Internals of the S&P 600, which is a small cap index, show the index is more overbought than the S&P 500. 70% of small cap stocks are above their 50 day moving average and 66% of large caps are above that level. In the MSCI Europe index, 80% of stocks are trading above their 50 day moving average. A global correction is coming soon.
Details Of Friday’s Action
One of the leaders of this euphoric action is the semiconductor index as investors are extremely excited about the possibility of a global cyclical upturn similar to 2017. There isn’t clear evidence that there will be an upturn. But investors are jumping the gun. The chart below shows how they are more optimistic than they probably should be based on the fundamentals.

As you can see, the year over year change in the SOXX semiconductor ETF is almost 40% while the ISM manufacturing PMI is down almost 20%. Usually the 2 are highly correlated. Semiconductors aren’t related to manufacturing, but they both are impacted by global growth. SOXX ETF is up 49.29% year to date and 14.63% since October 8th. It’s clear that a 14.63% gain in one month is unsustainable.
At this point a recovery in 2020 is already priced in. If it happens, don’t expect this index to rally more and if it doesn’t happen, expect this index to crater. This is a lose/don’t win scenario. You have little upside and a lot of downside.
Nasdaq was up 0.48% and the Russell 2000 was up 0.31% on Friday. Small cap index is near where it has peaked 4 times this year. It’s currently down just 1.3% from its high for the year. It won’t hit a record high unless the Fed guides for a rate hike or the market starts pricing one in. While I don’t see a cut in 2020, we are very far from the market expecting a hike.
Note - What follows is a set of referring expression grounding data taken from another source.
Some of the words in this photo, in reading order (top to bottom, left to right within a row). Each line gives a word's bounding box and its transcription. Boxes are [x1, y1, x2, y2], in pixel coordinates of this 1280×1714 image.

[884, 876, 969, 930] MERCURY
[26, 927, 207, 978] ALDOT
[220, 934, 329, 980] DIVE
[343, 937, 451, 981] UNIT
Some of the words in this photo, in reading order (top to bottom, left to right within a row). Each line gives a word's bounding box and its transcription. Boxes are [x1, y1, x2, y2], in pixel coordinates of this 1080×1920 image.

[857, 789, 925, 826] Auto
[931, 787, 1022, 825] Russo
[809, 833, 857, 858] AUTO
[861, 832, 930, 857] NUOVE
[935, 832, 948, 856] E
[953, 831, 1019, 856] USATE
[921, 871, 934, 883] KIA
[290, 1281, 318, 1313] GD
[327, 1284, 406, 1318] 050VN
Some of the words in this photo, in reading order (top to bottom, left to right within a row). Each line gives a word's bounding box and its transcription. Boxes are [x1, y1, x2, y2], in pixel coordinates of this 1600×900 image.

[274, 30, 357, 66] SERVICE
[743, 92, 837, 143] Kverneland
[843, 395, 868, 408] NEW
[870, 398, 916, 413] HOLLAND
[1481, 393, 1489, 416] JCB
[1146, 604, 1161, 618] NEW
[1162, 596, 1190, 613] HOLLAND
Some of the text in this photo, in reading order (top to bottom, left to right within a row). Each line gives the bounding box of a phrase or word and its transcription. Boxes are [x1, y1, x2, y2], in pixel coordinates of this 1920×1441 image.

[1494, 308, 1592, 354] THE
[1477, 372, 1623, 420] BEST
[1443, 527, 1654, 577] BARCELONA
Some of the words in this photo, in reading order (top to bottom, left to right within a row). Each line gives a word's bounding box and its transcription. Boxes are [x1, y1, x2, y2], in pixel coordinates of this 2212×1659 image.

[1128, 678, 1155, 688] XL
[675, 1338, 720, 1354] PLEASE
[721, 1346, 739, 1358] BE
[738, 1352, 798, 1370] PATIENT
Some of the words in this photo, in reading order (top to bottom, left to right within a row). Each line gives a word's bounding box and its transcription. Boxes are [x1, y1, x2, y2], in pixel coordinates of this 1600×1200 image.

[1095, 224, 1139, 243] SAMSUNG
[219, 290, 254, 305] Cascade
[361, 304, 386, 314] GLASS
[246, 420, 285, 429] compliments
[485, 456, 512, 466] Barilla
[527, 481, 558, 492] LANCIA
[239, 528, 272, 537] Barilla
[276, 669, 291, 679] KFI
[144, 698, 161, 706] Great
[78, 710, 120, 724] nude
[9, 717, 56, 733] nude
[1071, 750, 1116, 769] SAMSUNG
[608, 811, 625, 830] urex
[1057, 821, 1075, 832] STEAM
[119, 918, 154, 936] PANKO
There is now just a 45.2% chance of a cut next year. If volatility returns, expect the odds for a cut to increase a bit. It isn't advised to put any risk on right now with the level of euphoria in the market. The market is too overbought to even invest in sectors I like.
Speaking of sector performance, the 3 down sectors were utilities, real estate, and energy which were down 0.38%, 0.24%, and 0.81%. Unbelieveably, utilities are very oversold and will probably bounce soon. Since October 24th, the sector is down 4.74%.
Biggest winners on Friday were healthcare and technology which increased 0.8% and 0.59%. Also there is the rally in semiconductors which are a part of tech. Healthcare probably rallied because Michael Bloomberg entered the presidential race on Thursday evening. He is a moderate who likely wouldn’t support Medicare for All.
Other good news for the sector comes from the polls from NY Times/Siena. Biden was up big in North Carolina, Michigan, Florida, Arizona, and Pennsylvania. Warren was up in Wisconsin by 2 points.
Huge Yield Curve Steepening
In keeping with the recent trend, the 10 year yield rose 2 basis points to 1.94%. This is part of the risk on trade that’s betting on a cyclical upturn. 2 year yield was up 1 basis point to 1.67% which means there is a 27 basis point difference between the two.
There has been a huge amount of curve steepening recently as you can see from the chart below. It shows the 50 day rate of change in the 10 year 3 month curve. That’s over 70 basis points of steepening which has only been beaten in this number of days 3 other times this cycle.

We saw a lot of steepening in the 2nd half of 2013. 2014 was a great year for the economy. It’s clear markets are very excited about next year’s economy. It’s really tough to see if the markets are right.
We don’t have much evidence to go by other then that the data hasn’t gotten much worse recently. It could be bottoming, but not many indicators have pushed higher yet.